The spectacular drone show at yesterday’s IPL final was performed by a Make-In-India success story.
As cricket fans packed the stadium and 3.4 crore live viewers watched the IPL 2026 Final live, the mid-innings break brought a moment that had little to do with cricket — and everything to do with what India’s deep-tech ecosystem has quietly been building. BotLab Dynamics, an IIT Delhi-incubated startup, lit up the night sky with a breathtaking Lord Shiva-themed drone constellation, perfectly synced with legendary singer Kailash Kher’s live Shiv Bhakti performance. Formations of a towering trishul, a damru, a dancing depiction of Nataraja, and the IPL trophy emerged and dissolved above the stadium in a display that was equal parts technology and art.

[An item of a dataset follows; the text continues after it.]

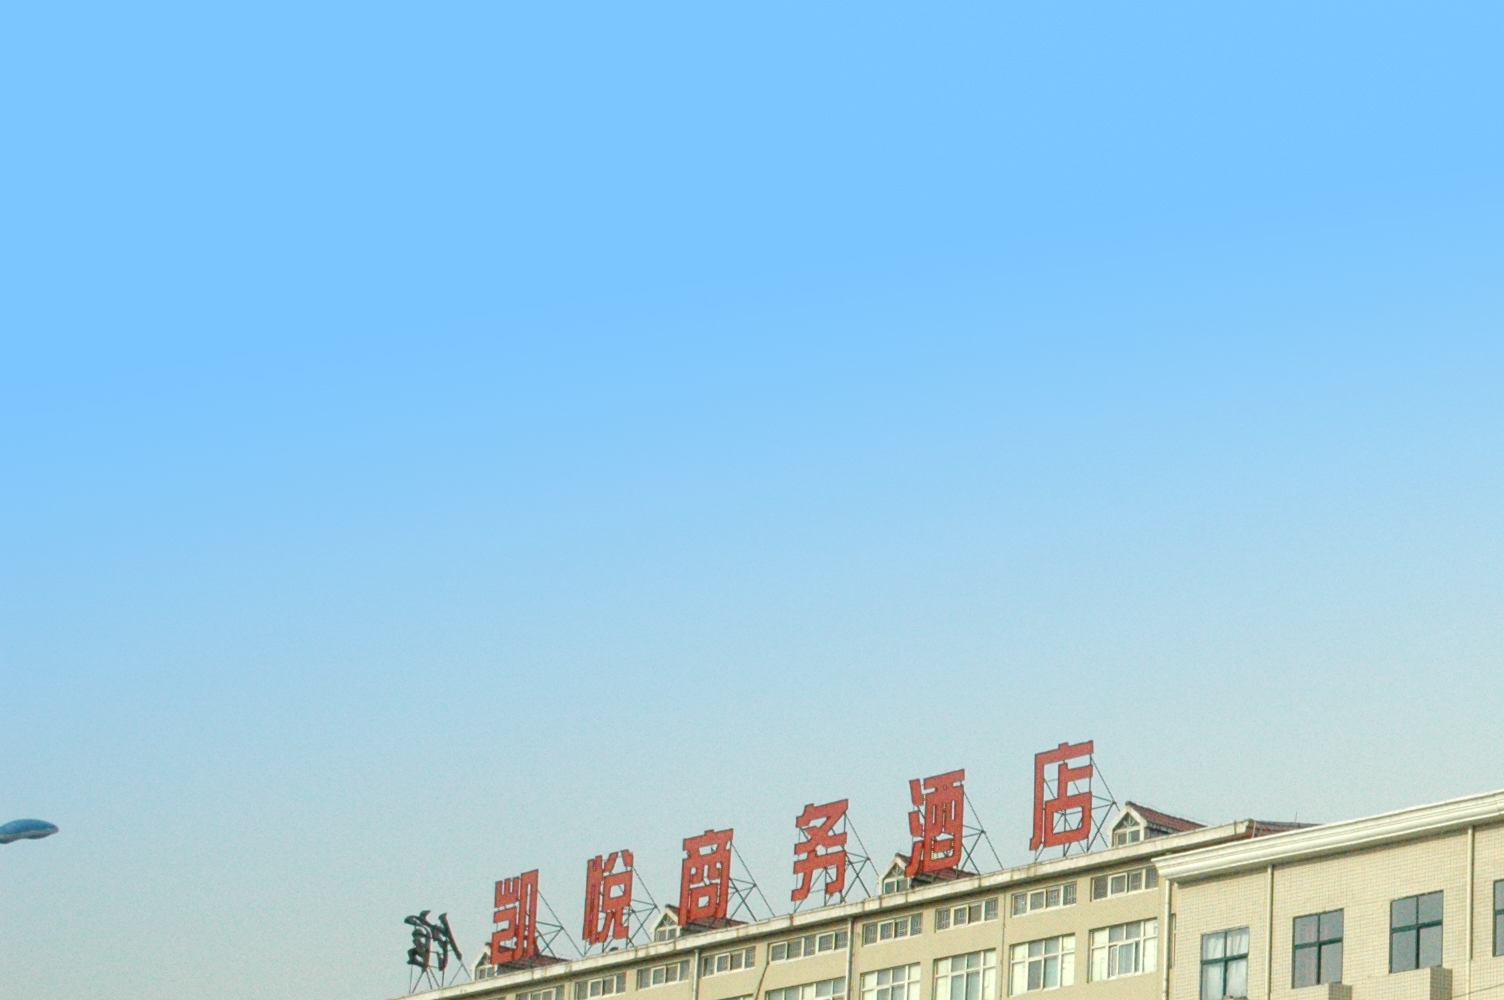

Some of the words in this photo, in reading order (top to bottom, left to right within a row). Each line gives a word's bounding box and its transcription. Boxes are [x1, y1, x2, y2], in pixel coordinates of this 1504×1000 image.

From a Dorm Room to the Nation’s Biggest Stage
BotLab Dynamics was not built overnight. Its origins trace back to 2012, when Tanmay Bunkar — then a third-year Engineering Physics student at IIT Delhi — flew his first UAV and got hooked. By 2014, he and his teammates had delivered eight drones to the Delhi Police, an early proof that the technology had real-world demand. On 18 July 2016, the startup was formally incorporated at the Technology Business Incubator Unit at IIT Delhi, with Bunkar joined by his batchmate Anuj Kumar Barnwal and their professor Dr. Sarita Ahlawat, who serves as Co-founder and Managing Director.
The founding philosophy was ambitious: build sovereign drone technology from scratch, in India, for India. All hardware and software — flight controllers, GPS modules, RF systems, and the swarm intelligence that makes hundreds of drones move as one — are designed and manufactured in-house.
Government Backing, Defence Credentials
The startup’s early credibility earned it institutional support. In 2017, BotLab received its first government funding of ₹50 lakh, followed by a seed fund of ₹1 crore from the Department of Science & Technology for R&D, and subsequently ₹2.5 crore from the Technology Development Board for scale-up and commercialization. In 2019, it was awarded the Prime Minister’s award and an iDEX grant of ₹1.5 crore. The Army Design Bureau (ADB) selected BotLab to demonstrate its heavy-lift drones in Tawang, Arunachal Pradesh, and the company demonstrated its swarm technology to the then Chief of Defence Staff, General Bipin Rawat. Its defence arm, Vayudh, has developed nano-drones with day and night vision currently being tested by the Indian Navy.
A String of World Records
BotLab’s public profile exploded in January 2022, when it put 1,000 Made-in-India drones over Rashtrapati Bhawan during the Beating Retreat ceremony — making India only the fourth country in the world, after the US, Russia, and China, to achieve a show of that scale. It was a landmark moment for Indian deep-tech, and the visuals went viral.
That was just the beginning. BotLab has since set seven Guinness World Records. At the Amaravati Drone Summit in October 2024, a fleet of 5,500 drones broke five world records simultaneously. At Mysuru Dasara 2025, 3,000 drones formed a massive aerial tiger — India’s national animal — earning the startup its sixth Guinness record. The company now holds a fleet of over 10,000 drones and ranks among the top five drone show companies in the world.
The IPL Moment
Last night’s performance was a natural next chapter. Syncing a drone constellation of Lord Shiva imagery — complete with trishul, damru, and a Nataraja formation — with Kailash Kher’s devotional music, in real time, before a packed stadium and crores of live viewers, is an engineering feat that few companies globally could pull off. BotLab did it with entirely homegrown technology.
The company’s journey — from a student’s first UAV flight to the IPL Final stage — reflects what India’s startup ecosystem can produce when deep-tech ambition is matched with patient institution building. For BotLab Dynamics, last night was not just a show. It was a statement.